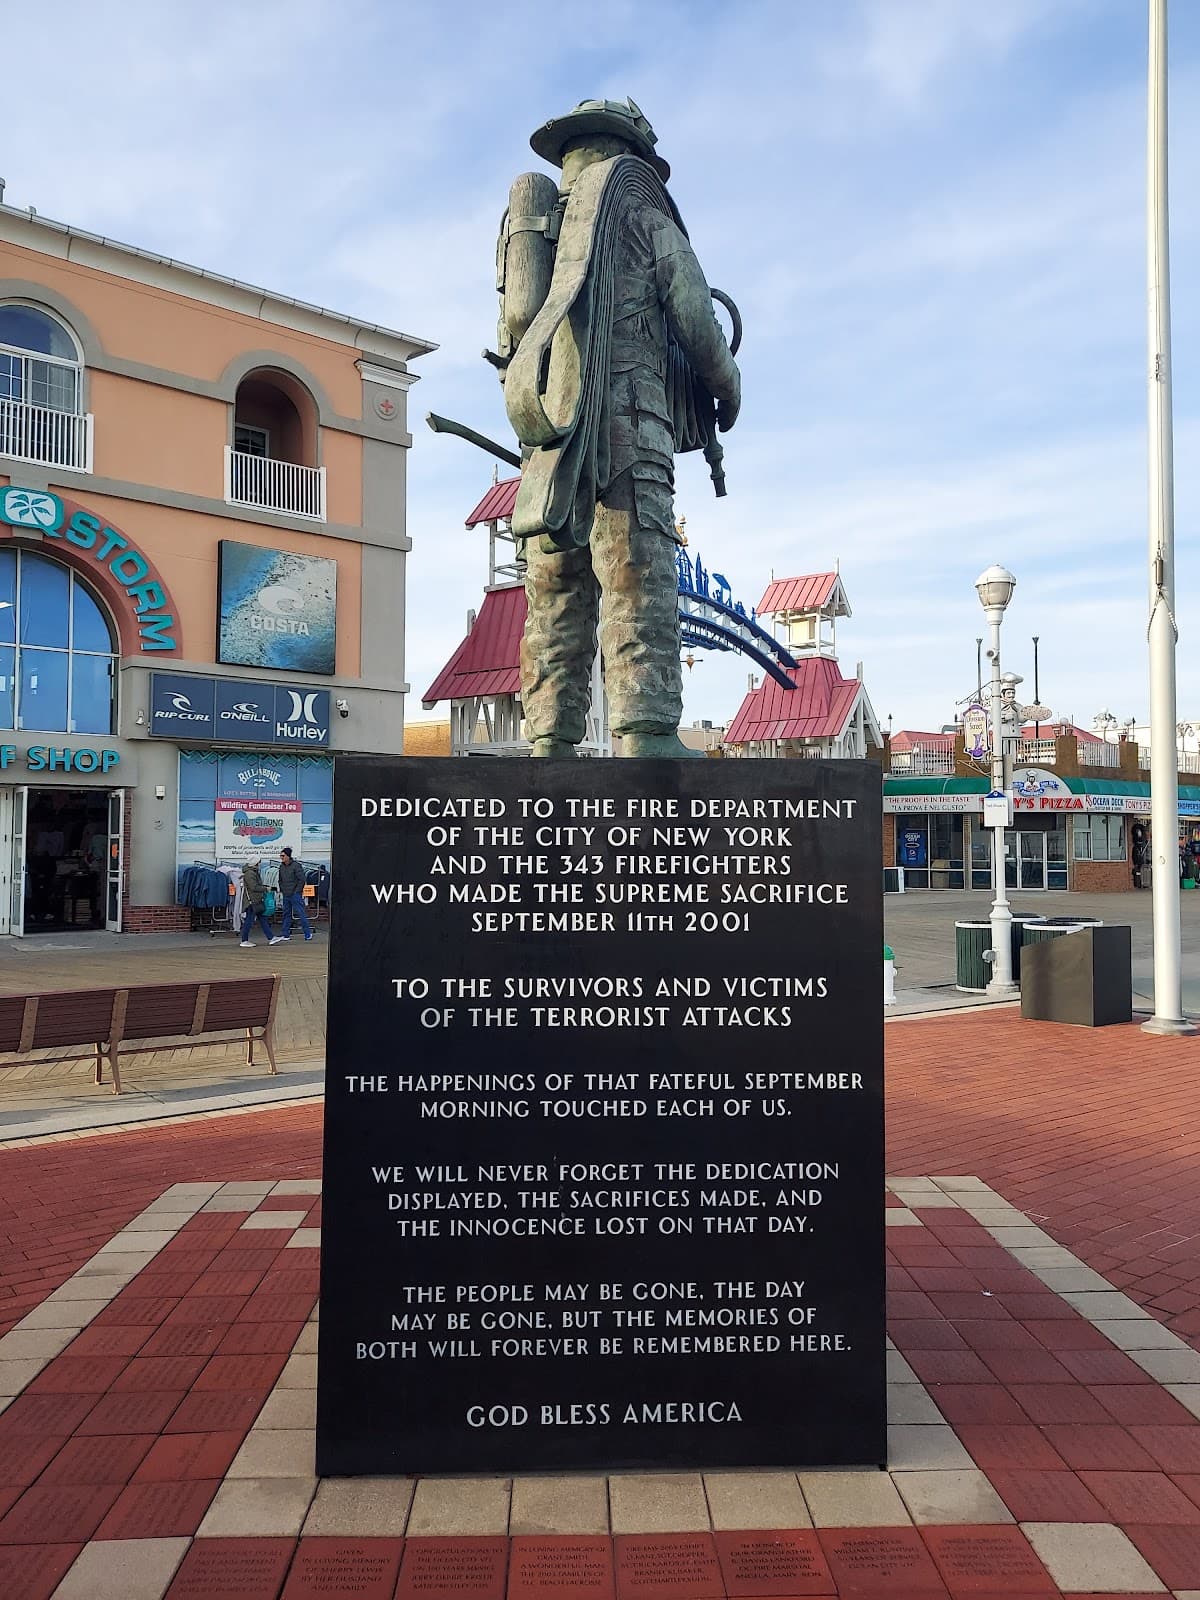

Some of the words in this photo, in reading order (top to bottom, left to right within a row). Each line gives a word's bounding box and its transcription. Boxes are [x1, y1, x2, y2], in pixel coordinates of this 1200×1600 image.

[65, 510, 177, 651] STORM
[250, 615, 309, 635] COSTA
[154, 710, 177, 719] RIP
[177, 711, 210, 721] CURL
[221, 711, 270, 722] O'NEILL
[276, 722, 326, 742] Hurley
[27, 746, 119, 773] SHOP
[221, 801, 248, 809] Wildfire
[249, 802, 283, 810] Fundraiser
[361, 797, 506, 818] DEDICATED
[517, 797, 554, 819] TO
[565, 798, 616, 818] THE
[626, 798, 679, 818] FIRE
[690, 798, 857, 819] DEPARTMENT
[1040, 797, 1084, 809] PIZZA
[1093, 797, 1110, 806] OCEAN
[1111, 797, 1124, 806] DECK
[255, 818, 284, 827] STRONG
[426, 826, 462, 847] OF
[473, 826, 525, 846] THE
[535, 826, 596, 847] CITY
[607, 826, 642, 847] OF
[653, 827, 711, 847] NEW
[723, 826, 793, 847] YORK
[429, 855, 487, 875] AND
[497, 855, 549, 875] THE
[559, 854, 604, 875] 343
[615, 854, 791, 876] FIREFIGHTERS
[370, 883, 437, 904] WHO
[449, 883, 522, 903] MADE
[533, 883, 584, 903] THE
[595, 882, 710, 904] SUPREME
[720, 883, 849, 905] SACRIFICE
[471, 911, 616, 933] SEPTEMBER
[627, 911, 674, 932] 11TH
[685, 911, 750, 932] 2001
[391, 977, 429, 999] TO
[440, 978, 492, 998] THE
[503, 976, 643, 999] SURVIVORS
[655, 977, 711, 997] AND
[722, 976, 828, 998] VICTIMS
[420, 1007, 456, 1028] OF
[467, 1007, 519, 1027] THE
[530, 1006, 671, 1028] TERRORIST
[681, 1006, 792, 1027] ATTACKS
[344, 1075, 389, 1093] THE
[398, 1073, 536, 1092] HAPPENINGS
[544, 1073, 574, 1091] OF
[583, 1073, 640, 1091] THAT
[649, 1073, 735, 1090] FATEFUL
[744, 1072, 864, 1090] SEPTEMBER
[421, 1100, 530, 1119] MORNING
[539, 1099, 647, 1118] TOUCHED
[656, 1099, 714, 1117] EACH
[723, 1098, 752, 1117] OF
[762, 1098, 792, 1117] US.
[371, 1166, 404, 1183] WE
[415, 1165, 469, 1183] WILL
[478, 1164, 549, 1182] NEVER
[559, 1163, 644, 1182] FORGET
[654, 1163, 697, 1181] THE
[706, 1162, 839, 1180] DEDICATION
[388, 1192, 508, 1211] DISPLAYED,
[517, 1191, 560, 1208] THE
[570, 1189, 690, 1209] SACRIFICES
[700, 1189, 766, 1207] MADE,
[775, 1189, 822, 1206] AND
[396, 1219, 440, 1237] THE
[450, 1217, 586, 1236] INNOCENCE
[595, 1216, 649, 1235] LOST
[658, 1216, 693, 1235] ON
[702, 1216, 758, 1234] THAT
[768, 1215, 814, 1233] DAY.
[402, 1286, 446, 1304] THE
[456, 1284, 535, 1303] PEOPLE
[545, 1283, 589, 1301] MAY
[599, 1283, 623, 1300] BE
[632, 1282, 704, 1301] GONE,
[713, 1281, 756, 1299] THE
[765, 1280, 805, 1298] DAY
[391, 1313, 437, 1331] MAY
[447, 1313, 471, 1330] BE
[480, 1311, 553, 1330] GONE,
[562, 1310, 603, 1329] BUT
[612, 1310, 656, 1327] THE
[665, 1307, 779, 1327] MEMORIES
[788, 1307, 817, 1326] OF
[356, 1341, 417, 1360] BOTH
[428, 1340, 481, 1358] WILL
[491, 1338, 589, 1357] FOREVER
[600, 1337, 623, 1355] BE
[633, 1335, 781, 1354] REMEMBERED
[790, 1334, 852, 1352] HERE.
[466, 1405, 528, 1428] GOD
[541, 1403, 610, 1425] BLESS
[622, 1401, 743, 1424] AMERICA

- - -

* _What the task asks_
Look over the records above and copy each line that includes the string "WILL".

* _Output for this task_
[415, 1165, 469, 1183] WILL
[428, 1340, 481, 1358] WILL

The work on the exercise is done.